WHAT IS NEEDED
The records below must be reproduced exactly. Strip out the pictures.

AVAILABLE DATA

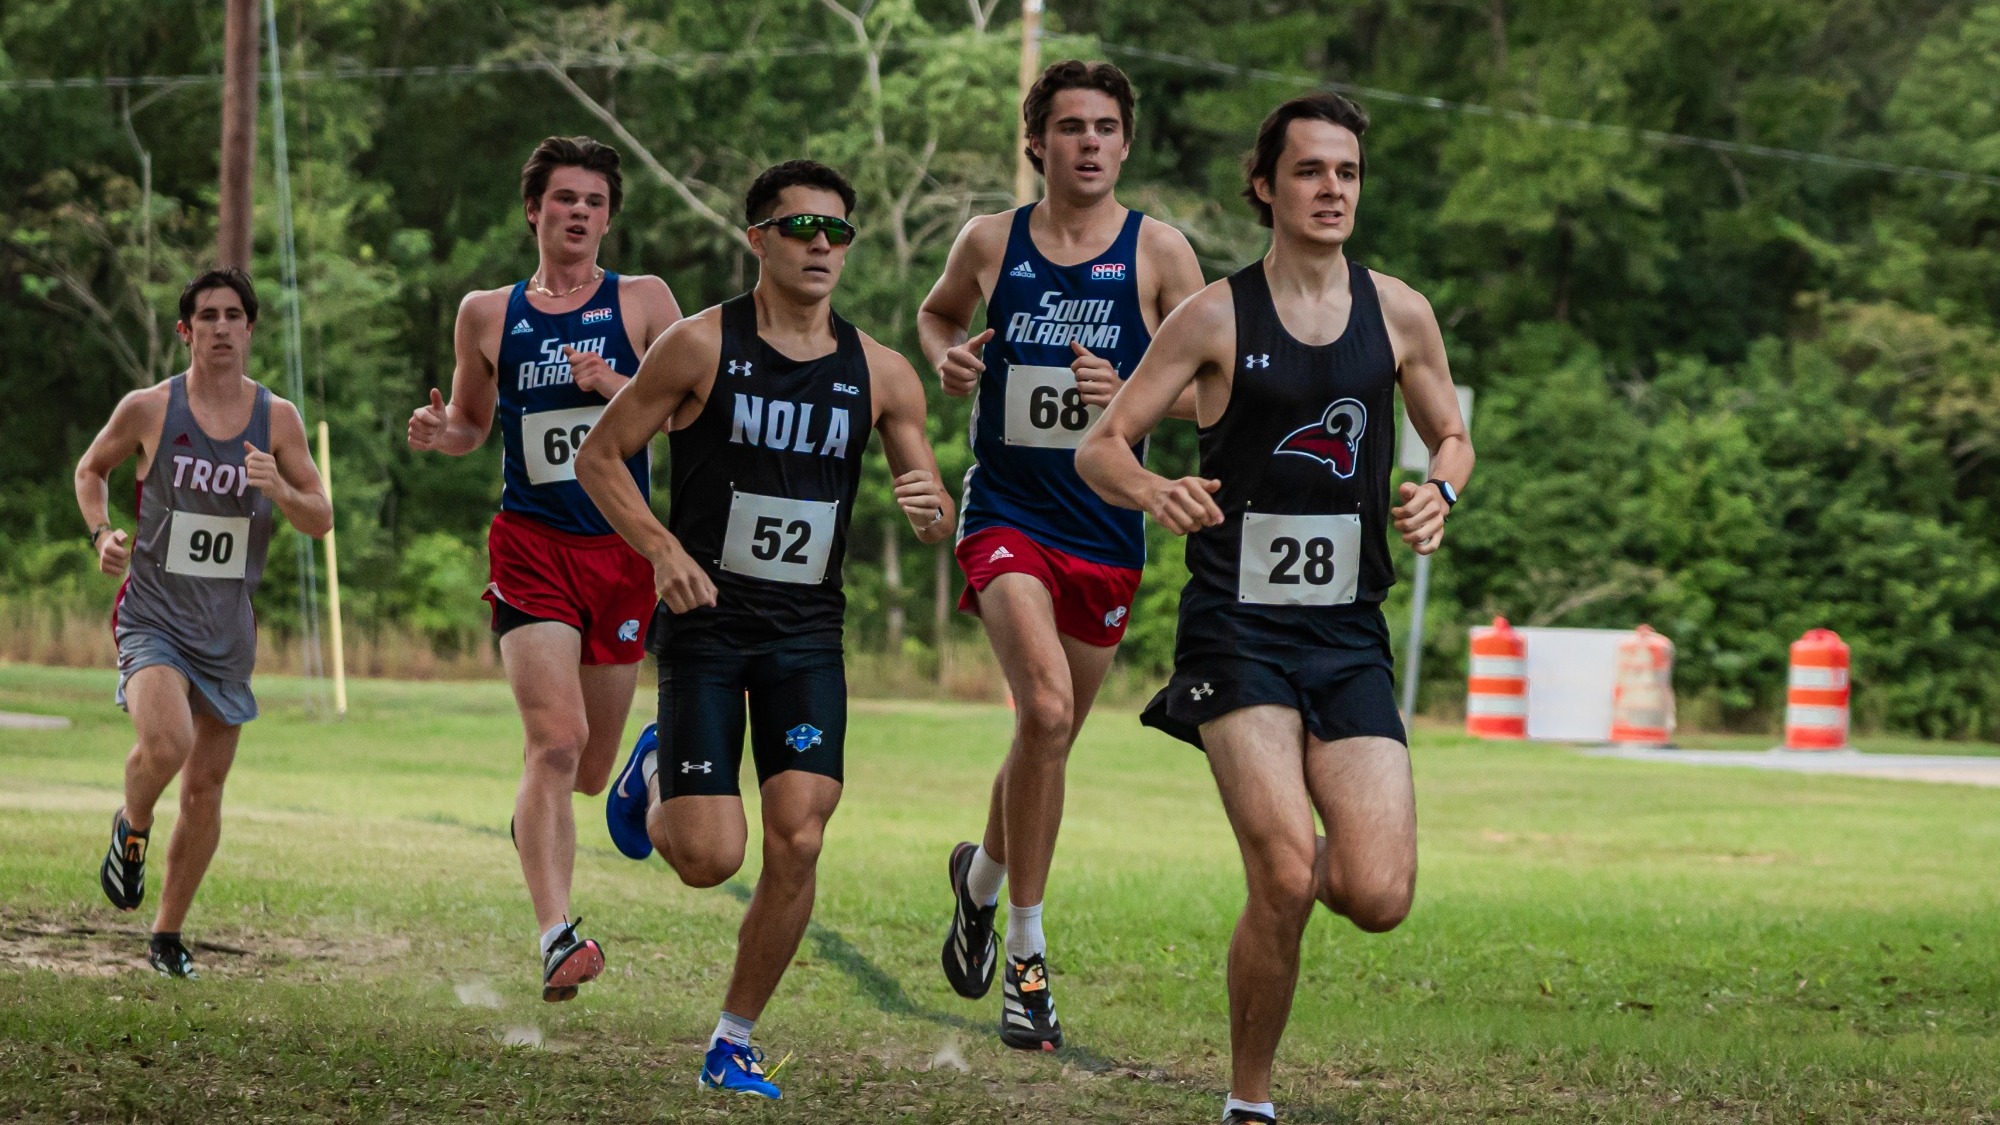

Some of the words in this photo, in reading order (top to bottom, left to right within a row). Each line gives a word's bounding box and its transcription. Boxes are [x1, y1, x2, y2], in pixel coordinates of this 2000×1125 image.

[1009, 270, 1036, 279] adidas
[1091, 263, 1126, 280] SBC
[517, 358, 617, 391] ALAB
[729, 393, 850, 459] NOLA
[1029, 385, 1090, 431] 68
[172, 455, 250, 497] TROY
[188, 529, 234, 564] 90
[751, 515, 812, 565] 52
[1268, 536, 1335, 586] 28

ANSWER SPACE
Some of the words in this photo, in reading order (top to bottom, left to right within a row). Each line gives a word's bounding box and its transcription. Boxes are [x1, y1, x2, y2], in pixel coordinates of this 2000×1125 image.

[1009, 270, 1036, 279] adidas
[1091, 263, 1126, 280] SBC
[517, 358, 617, 391] ALAB
[729, 393, 850, 459] NOLA
[1029, 385, 1090, 431] 68
[172, 455, 250, 497] TROY
[188, 529, 234, 564] 90
[751, 515, 812, 565] 52
[1268, 536, 1335, 586] 28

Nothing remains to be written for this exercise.